*** MATERIAL FOR THIS TASK ***

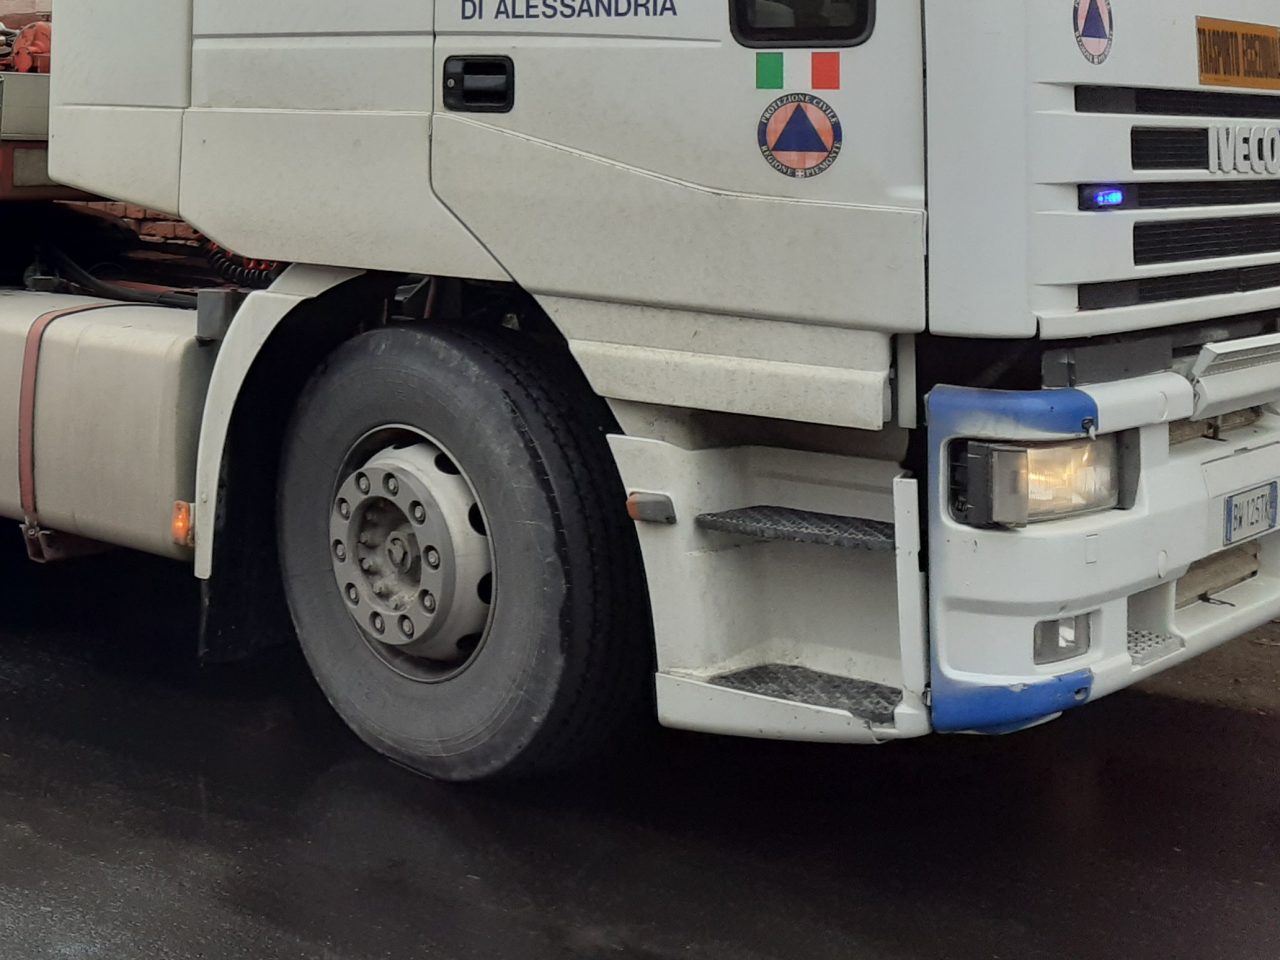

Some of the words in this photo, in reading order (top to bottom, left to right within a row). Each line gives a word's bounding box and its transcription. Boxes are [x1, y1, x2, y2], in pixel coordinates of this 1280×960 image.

[761, 94, 811, 124] PROTEZIONE
[813, 97, 839, 125] CIVILE
[761, 144, 793, 176] REGIONE
[805, 141, 841, 177] PIEMONTE
[1208, 126, 1280, 175] IVECO
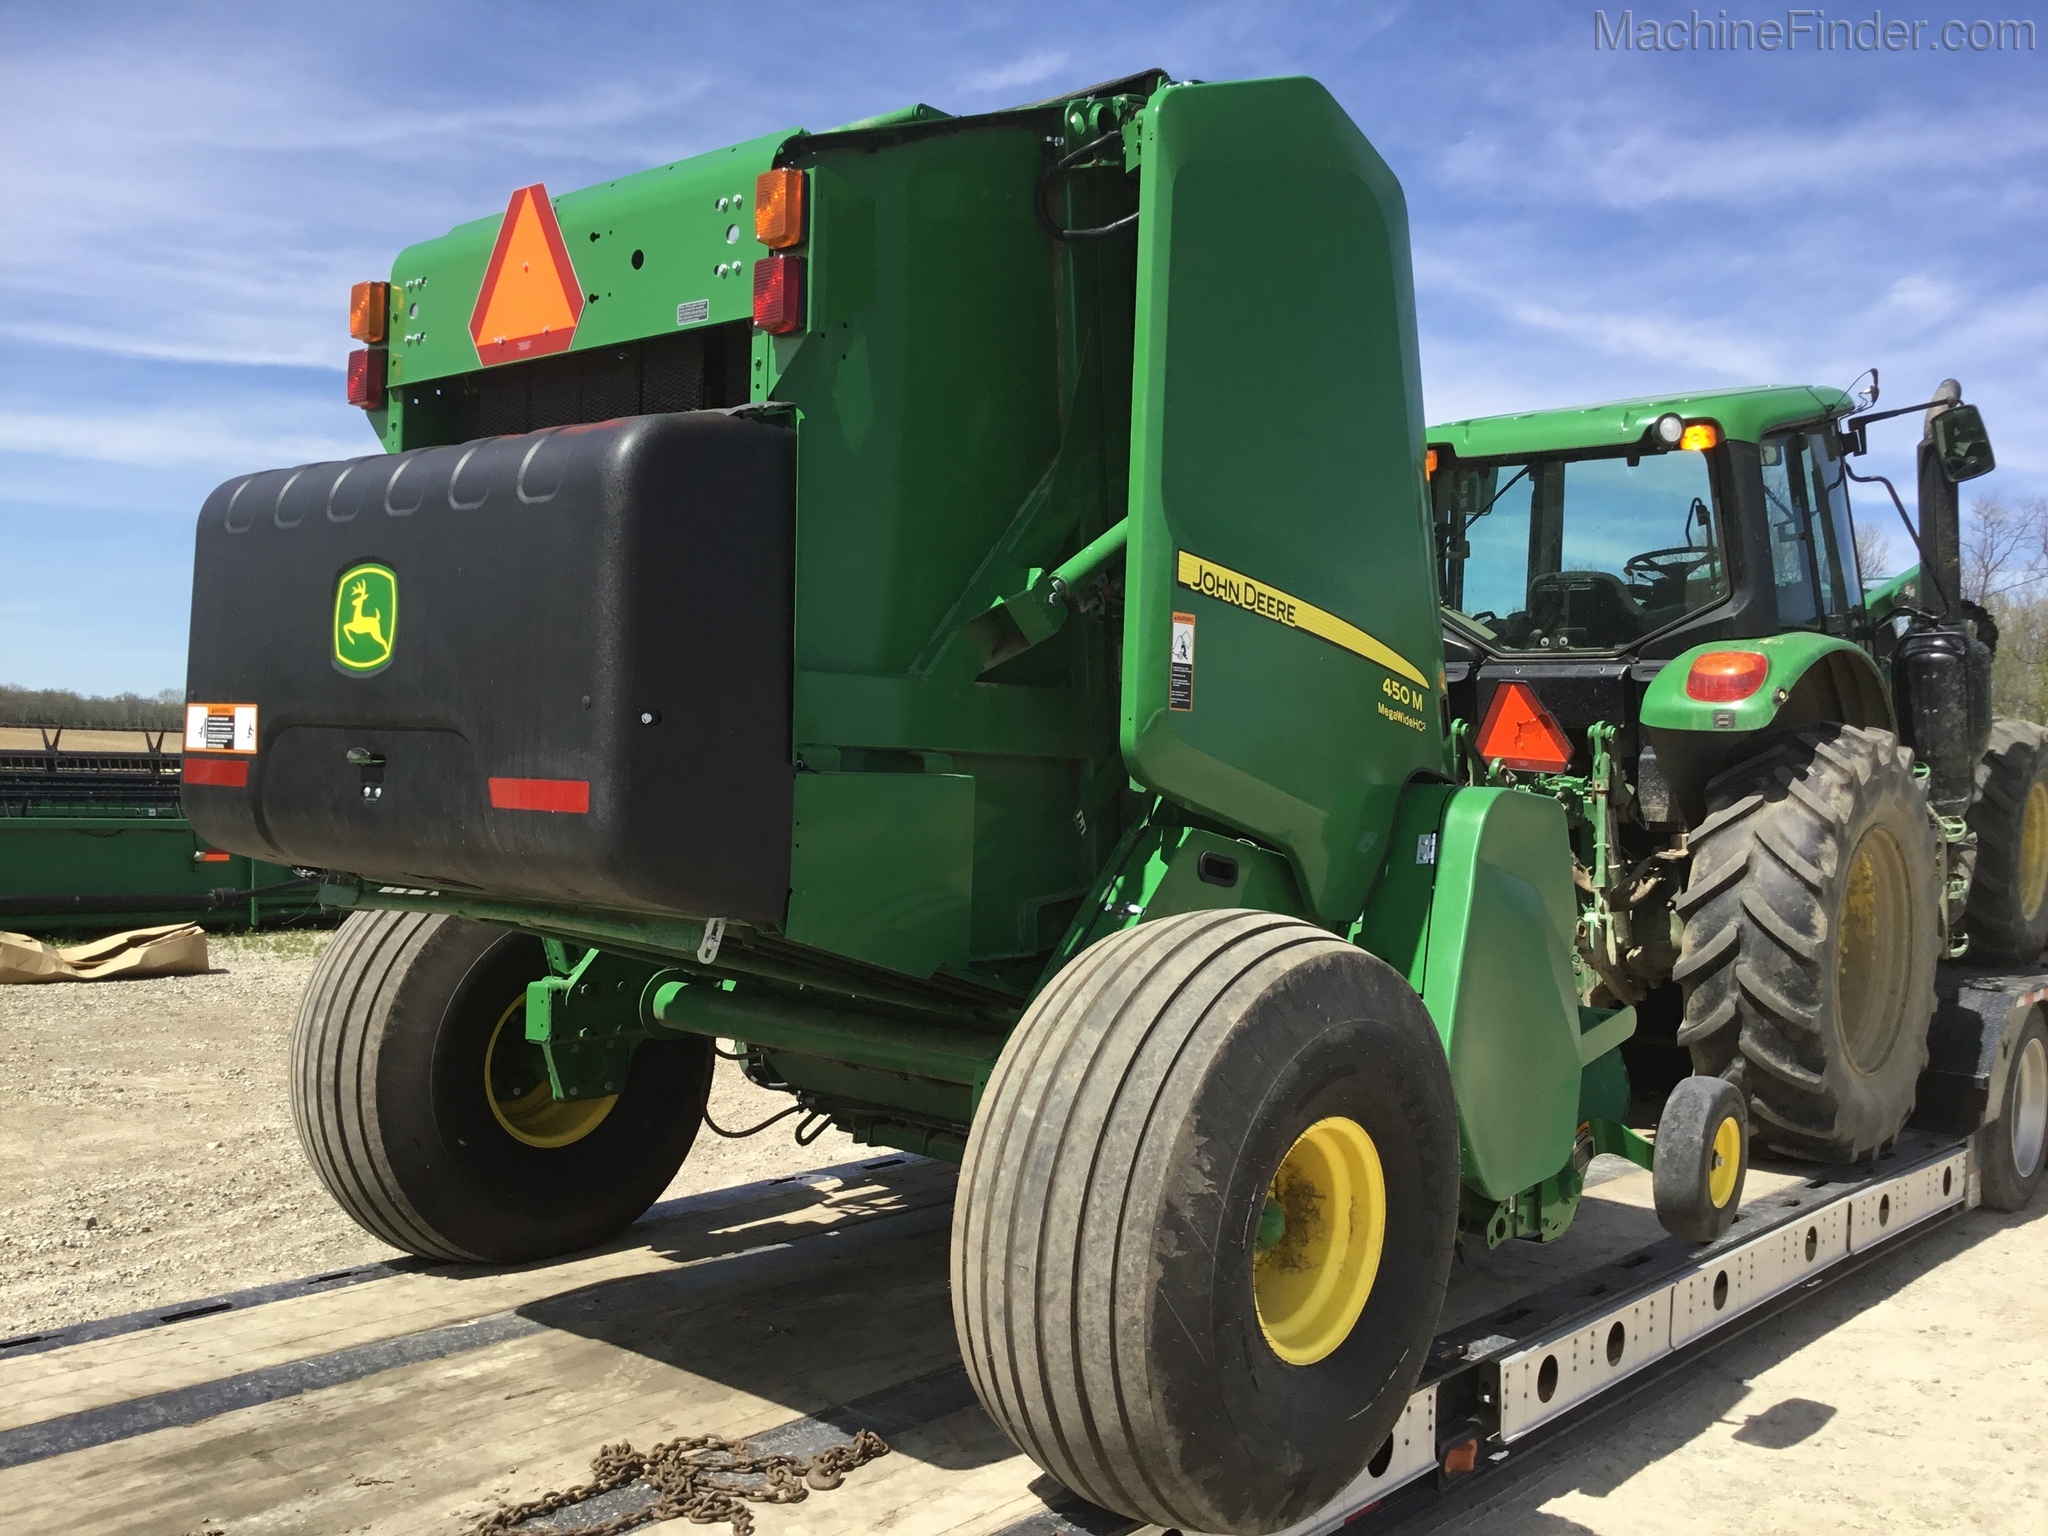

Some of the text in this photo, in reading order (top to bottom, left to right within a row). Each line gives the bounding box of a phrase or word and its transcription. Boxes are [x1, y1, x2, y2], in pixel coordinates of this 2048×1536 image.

[1193, 565, 1296, 624] JOHN DEERE
[1382, 677, 1423, 712] 450 M
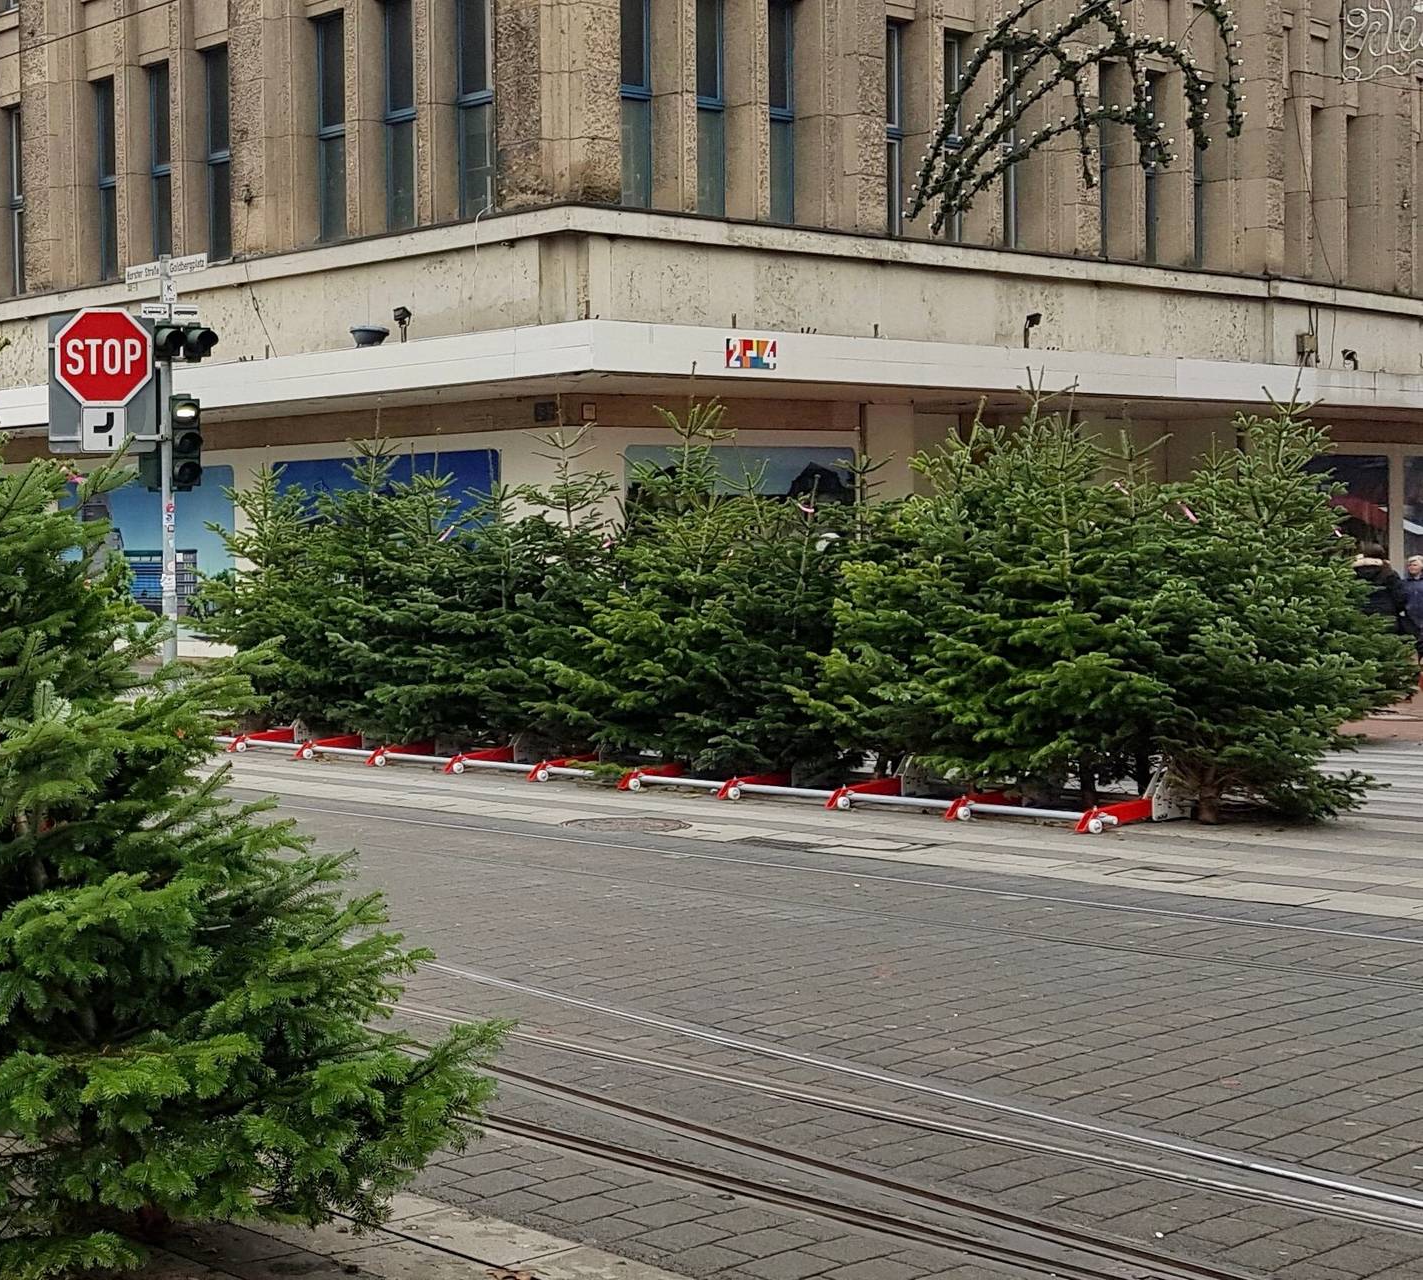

*** End of MATERIAL FOR THIS TASK ***

*AIM OF THE EXERCISE*. Your job is to repeat every entry exactly, keeping all pictures out of the copy.

*REPLY TO THE EXERCISE*.
Some of the words in this photo, in reading order (top to bottom, left to right within a row). Each line gives a word's bounding box and its transcription. Boxes are [x1, y1, x2, y2], in pixel coordinates of this 1280×960 image.

[761, 94, 811, 124] PROTEZIONE
[813, 97, 839, 125] CIVILE
[761, 144, 793, 176] REGIONE
[805, 141, 841, 177] PIEMONTE
[1208, 126, 1280, 175] IVECO

Some of the text in this photo, in reading order (top to bottom, left to right within a row). Each line gives the bounding box of a phrase or word and its transcription. Boxes are [x1, y1, x2, y2], in pixel coordinates of this 2048×1536 image.

[1193, 565, 1296, 624] JOHN DEERE
[1382, 677, 1423, 712] 450 M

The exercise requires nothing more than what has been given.